[Exercise objective] Only the text of the records, copied exactly, is wanted; no pictures.

Free-text object descriptions
----

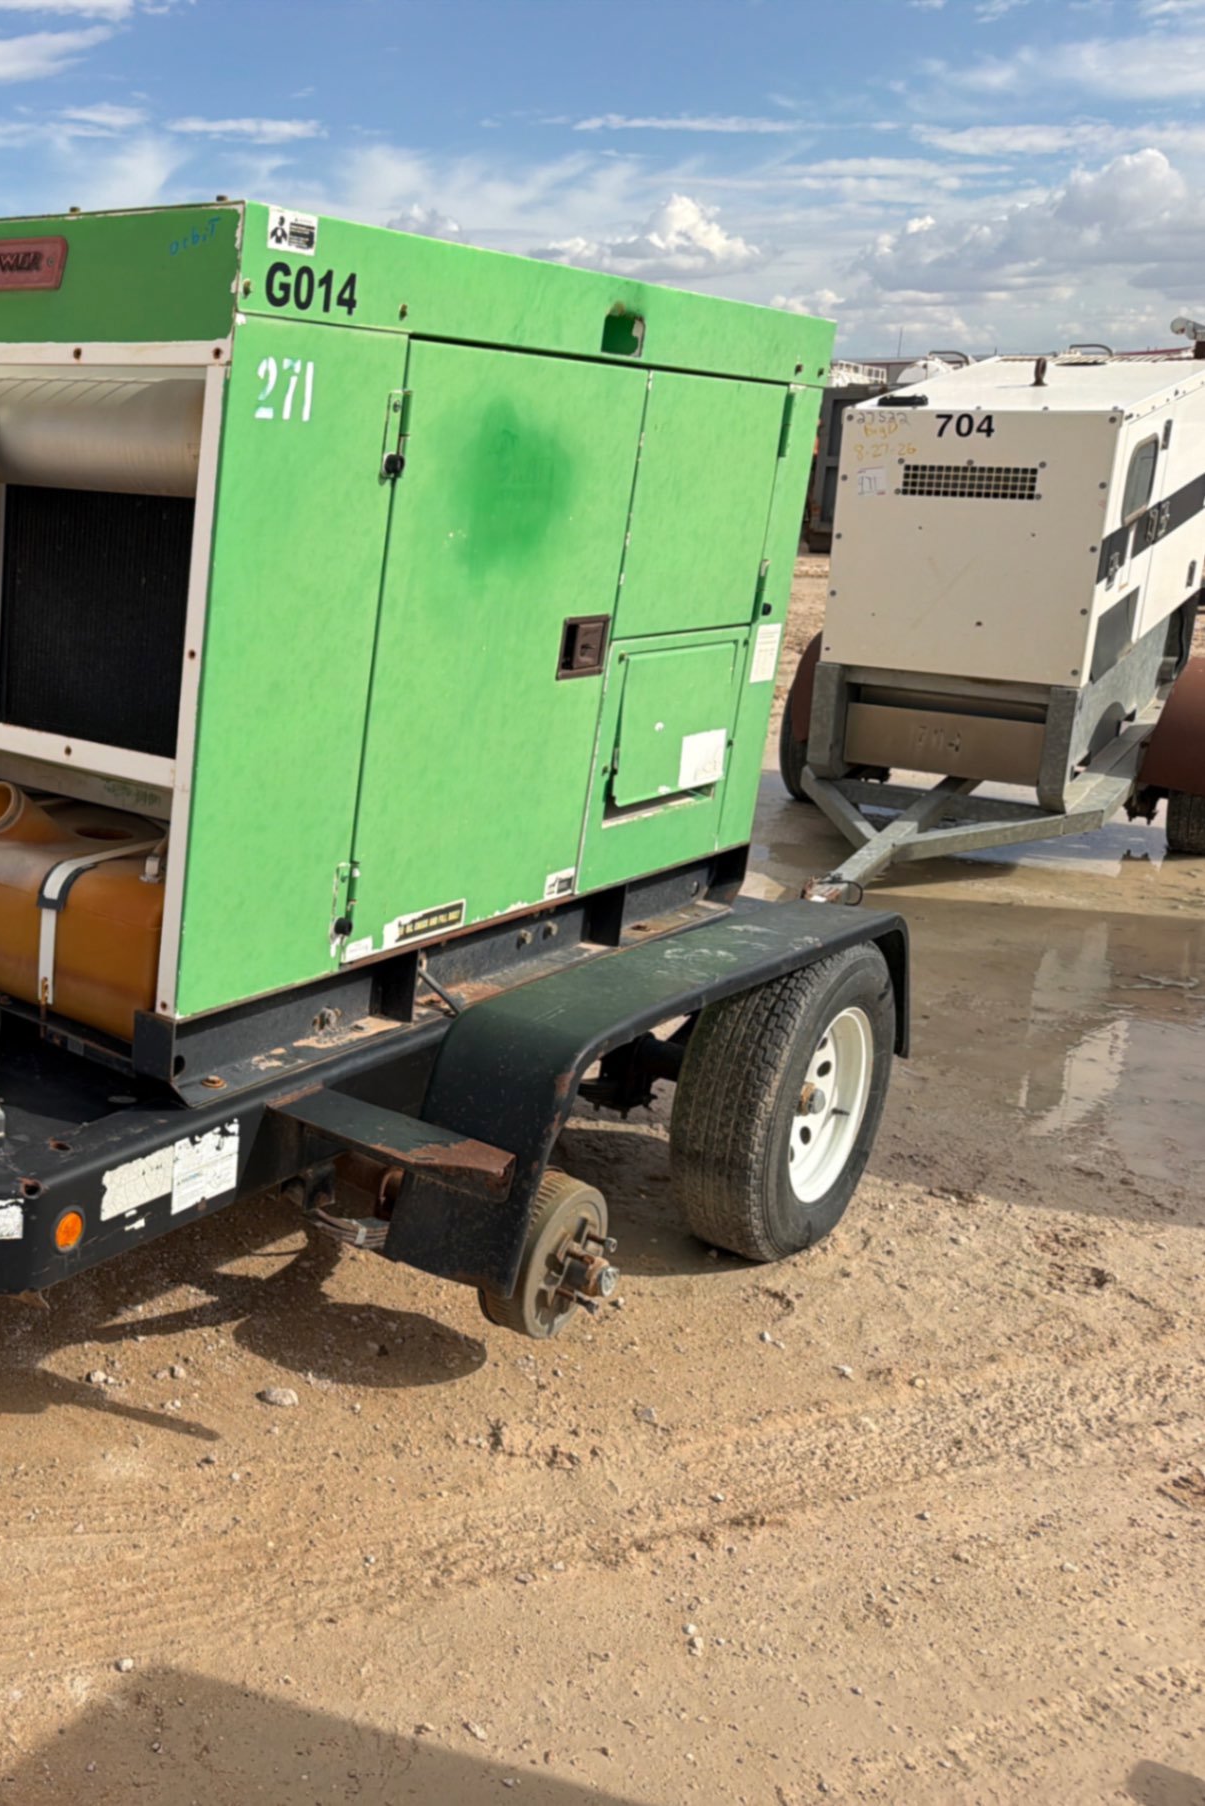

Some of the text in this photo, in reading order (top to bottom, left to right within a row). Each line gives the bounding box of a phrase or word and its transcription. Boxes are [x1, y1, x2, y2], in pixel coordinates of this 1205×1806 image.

[265, 261, 357, 316] G014
[254, 356, 315, 422] 271
[935, 413, 995, 438] 704
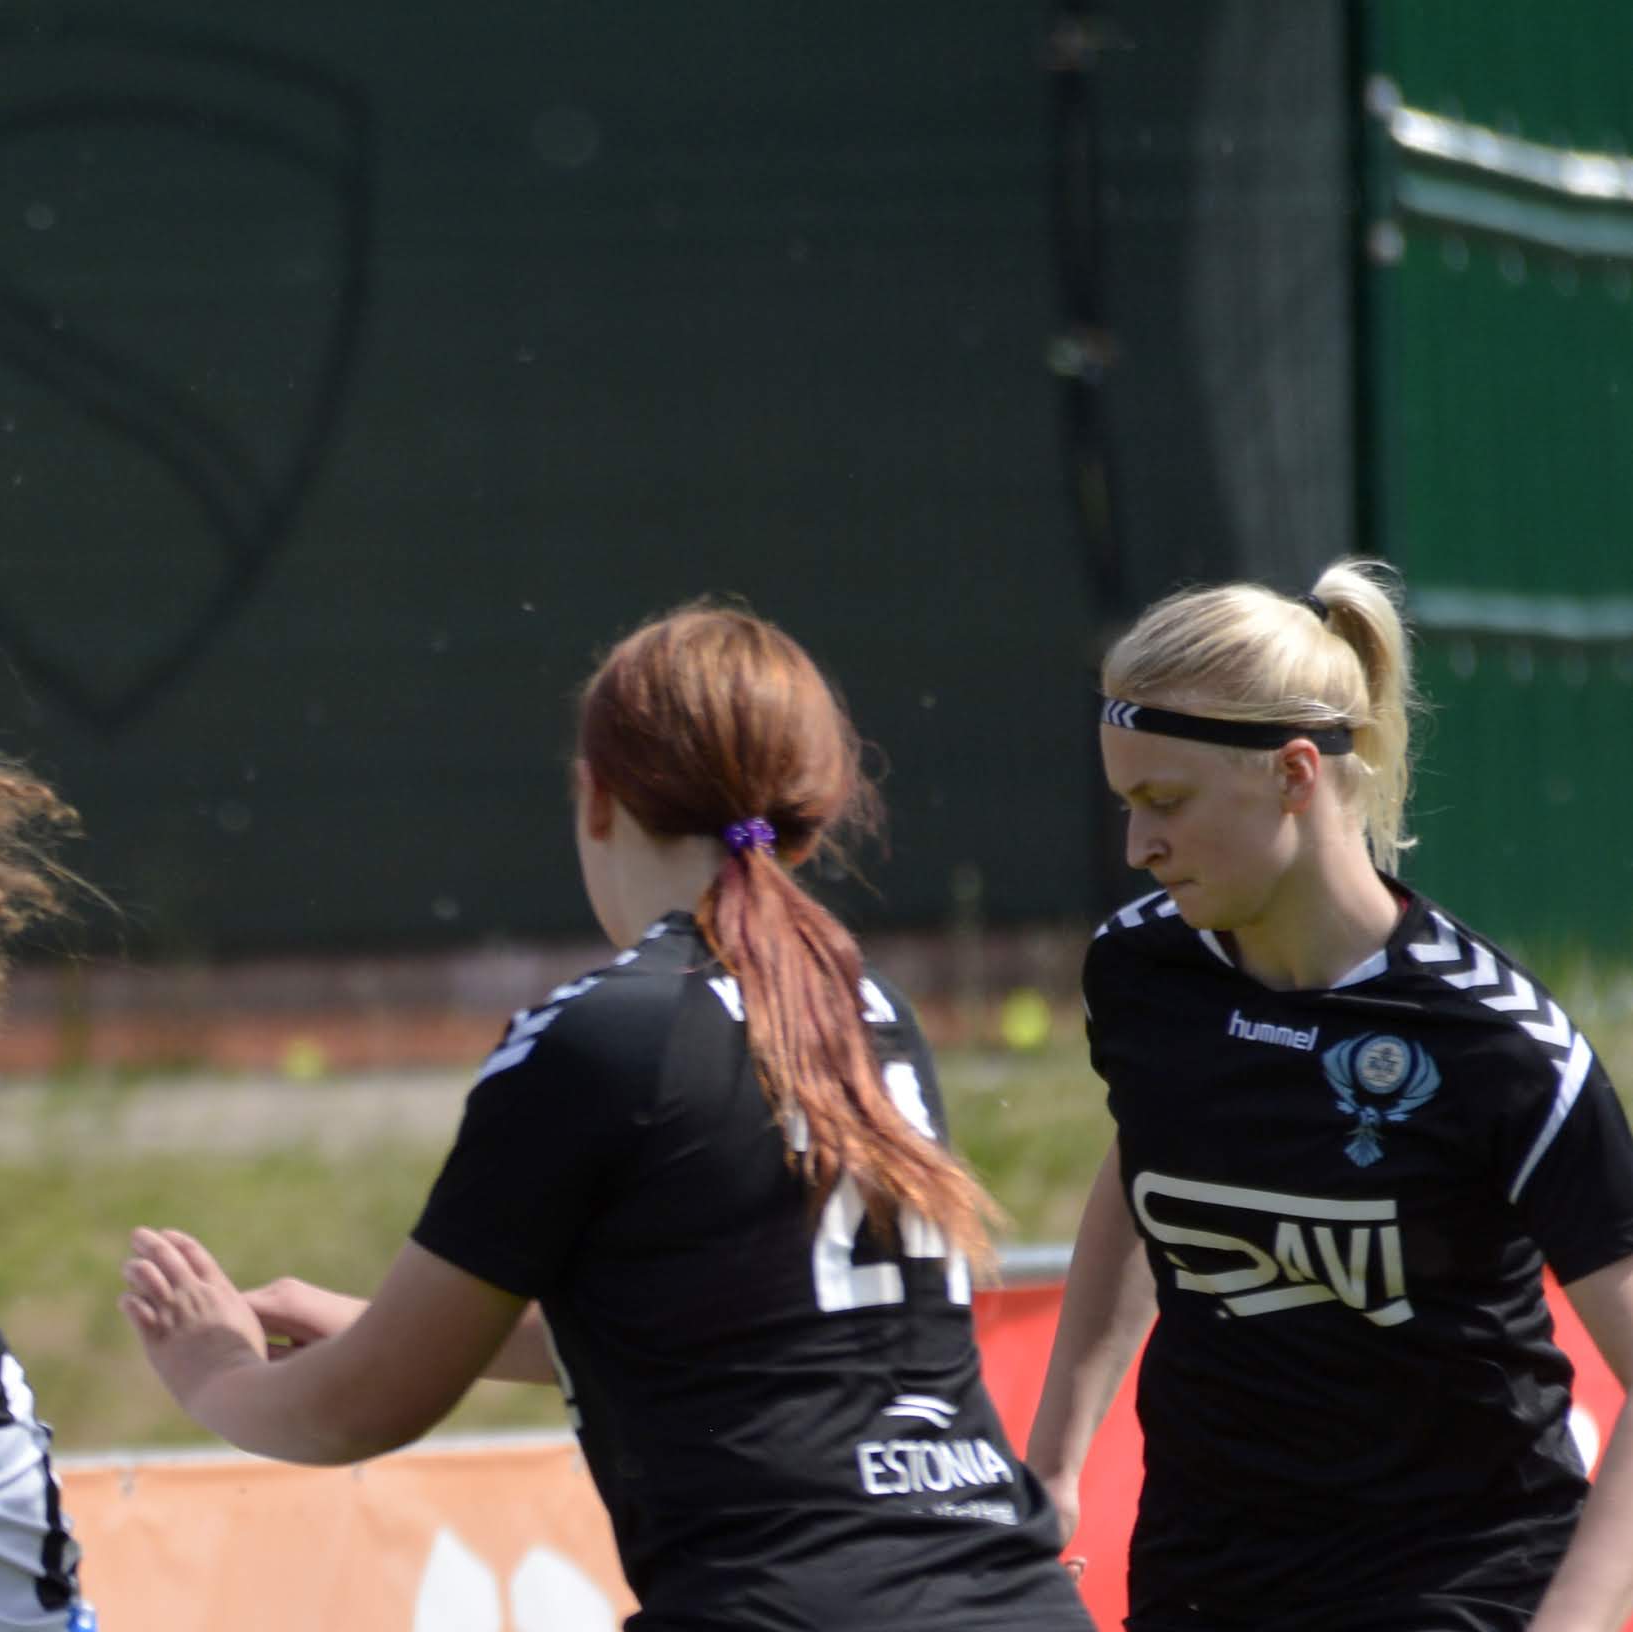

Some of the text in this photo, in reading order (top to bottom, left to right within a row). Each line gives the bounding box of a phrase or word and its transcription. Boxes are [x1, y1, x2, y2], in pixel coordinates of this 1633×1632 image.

[1228, 1009, 1319, 1051] hummel
[1132, 1170, 1416, 1328] SAVI
[857, 1437, 1015, 1495] ESTONIA

----

[Output for this exercise]
Some of the text in this photo, in reading order (top to bottom, left to right within a row). Each line gives the bounding box of a phrase or word and its transcription. Boxes are [x1, y1, x2, y2], in pixel coordinates of this 1205×1806 image.

[265, 261, 357, 316] G014
[254, 356, 315, 422] 271
[935, 413, 995, 438] 704

Some of the text in this photo, in reading order (top to bottom, left to right within a row). Each line gives the bounding box of a phrase or word and its transcription. Boxes are [x1, y1, x2, y2], in pixel coordinates of this 1633×1632 image.

[1228, 1009, 1319, 1051] hummel
[1132, 1170, 1416, 1328] SAVI
[857, 1437, 1015, 1495] ESTONIA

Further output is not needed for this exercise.